Collectively these companies are running 472 rigs with the combined exit rate expected to be between 470 and 475 rigs. Most report some churn in natural gas regions, but rigs which have been released quickly find homes (although the BKR rig count declined another 4 rigs this week, down 20+ rigs from recent peak). Several companies, such as PTEN and HP, have committed upgrades in progress, thus visibility for a company-specific rig count improvement is tangible, for now. NBR cited its usual customer survey which points to stable activity this quarter. For those not familiar with this survey, NBR contacted customers who represent 34% of the rig count and solicited their feedback on future activity expectations. The survey yielded a flat view in the near-term.

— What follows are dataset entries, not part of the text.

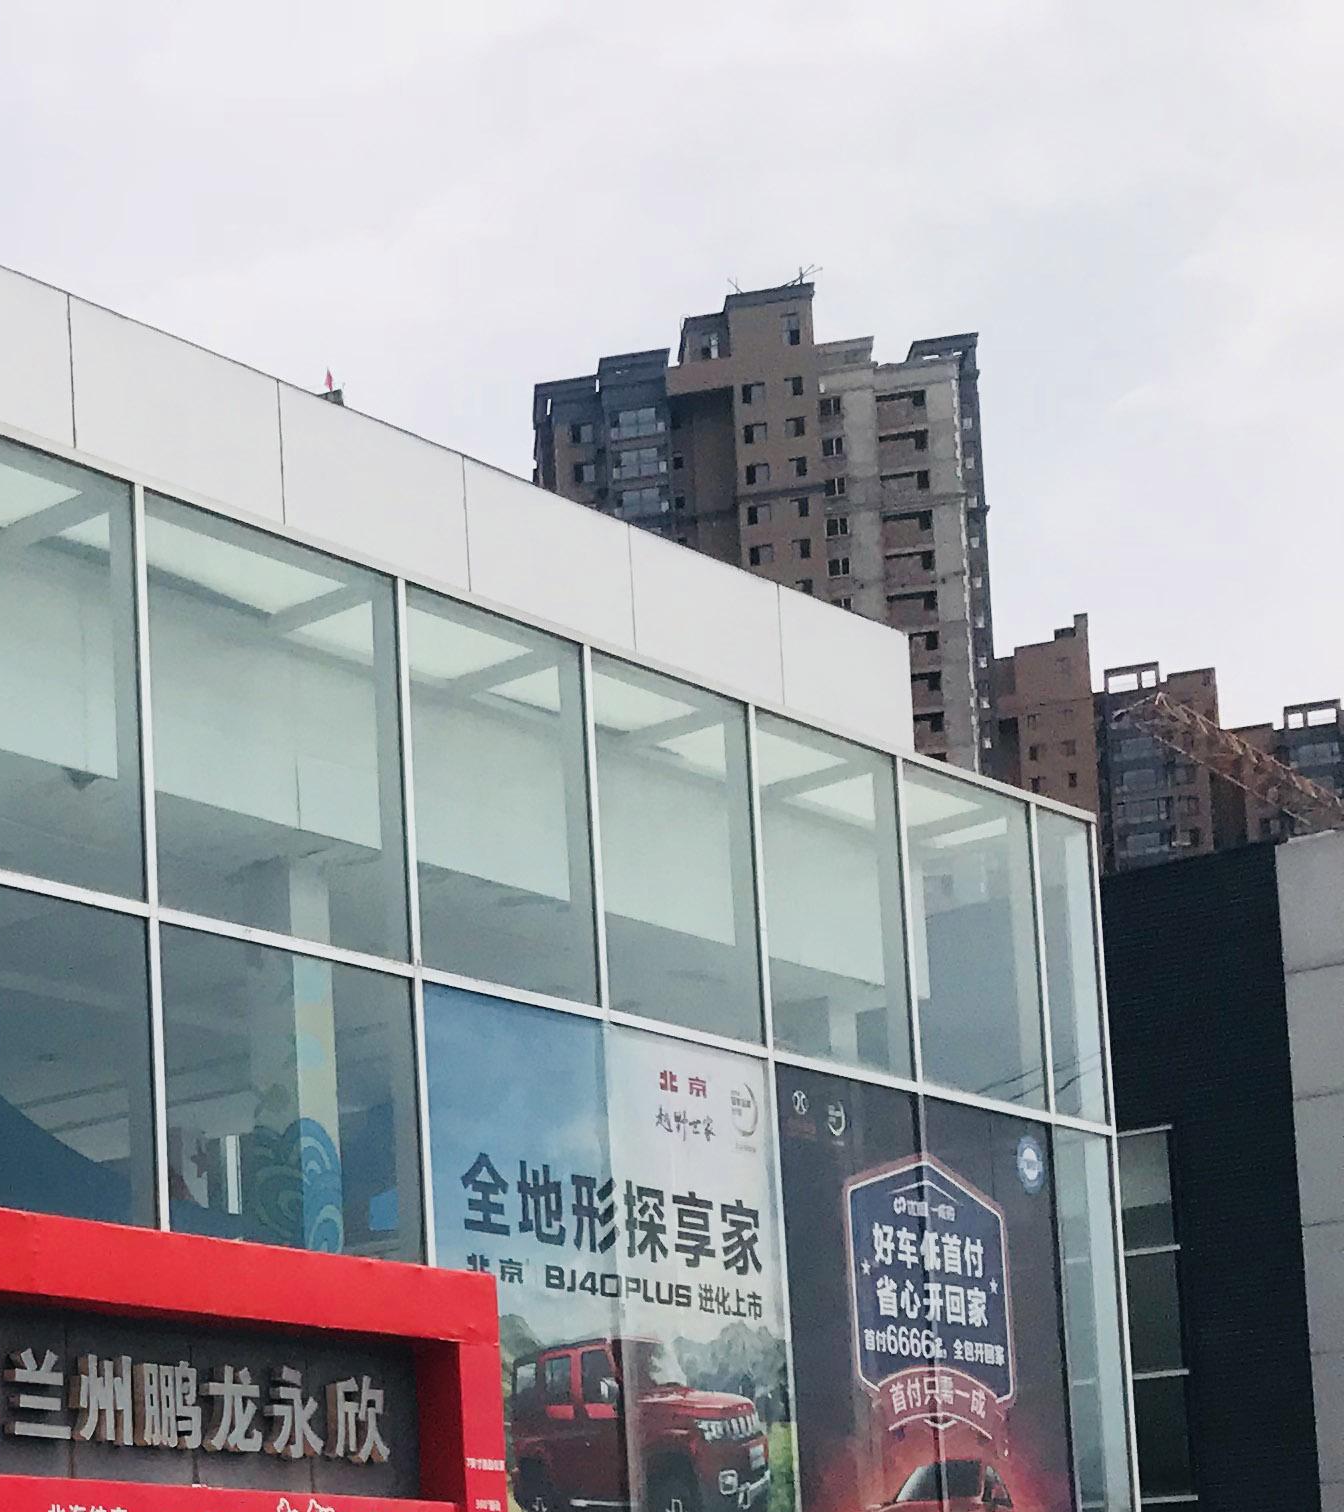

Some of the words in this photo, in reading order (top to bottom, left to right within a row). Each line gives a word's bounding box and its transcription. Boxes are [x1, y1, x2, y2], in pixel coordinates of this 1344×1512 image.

[659, 1069, 708, 1099] 北京
[460, 1152, 764, 1277] 全地形探享家
[872, 1222, 984, 1278] 好车低首付
[698, 1283, 763, 1321] 进化上市
[876, 1275, 988, 1328] 省心开回家
[5, 1347, 391, 1465] 兰州鹏龙永欣
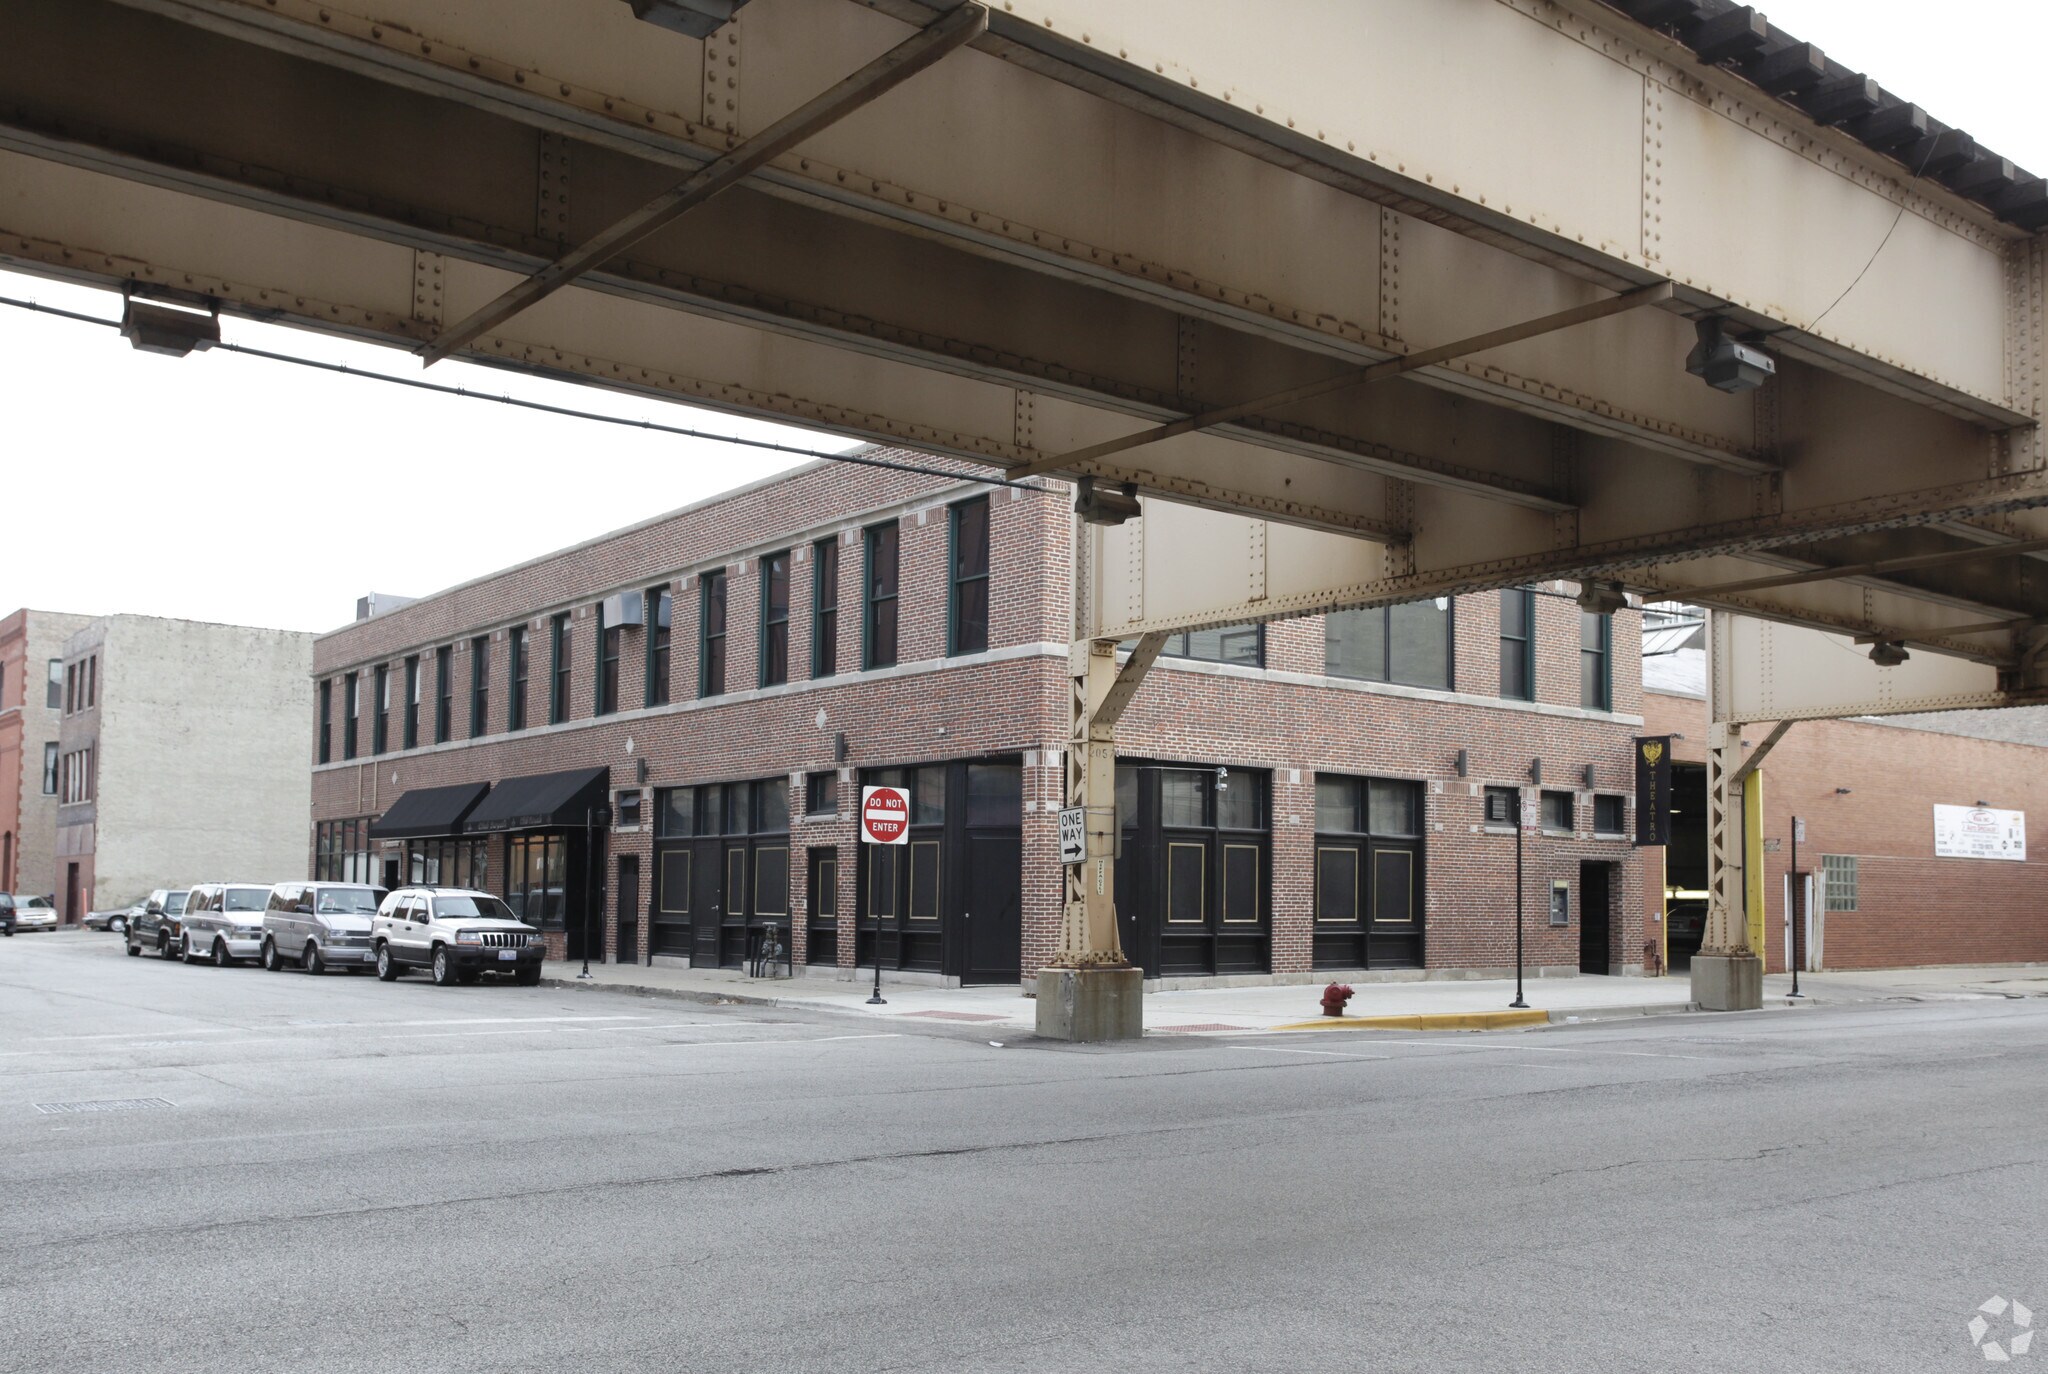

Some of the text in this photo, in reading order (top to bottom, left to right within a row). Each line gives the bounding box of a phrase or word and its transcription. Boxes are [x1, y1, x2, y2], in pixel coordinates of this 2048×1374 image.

[870, 797, 902, 808] DO NOT
[1061, 811, 1081, 827] ONE
[872, 822, 898, 832] ENTER
[1062, 827, 1082, 842] WAY

As for pricing, NBR cited recent contracts with revenue/day in excess of $40,000/day and that excludes NDS revenue content. PDS contracted a Canadian rig with a dayrate in the mid-$40’s (Canadian $$). Discussions with two private E&P’s this week confirm rigs contracted at a base rate of $38,500/day. Q1 guidance for most of the drillers puts blended revenue/day comfortably in the mid-$30,000 range.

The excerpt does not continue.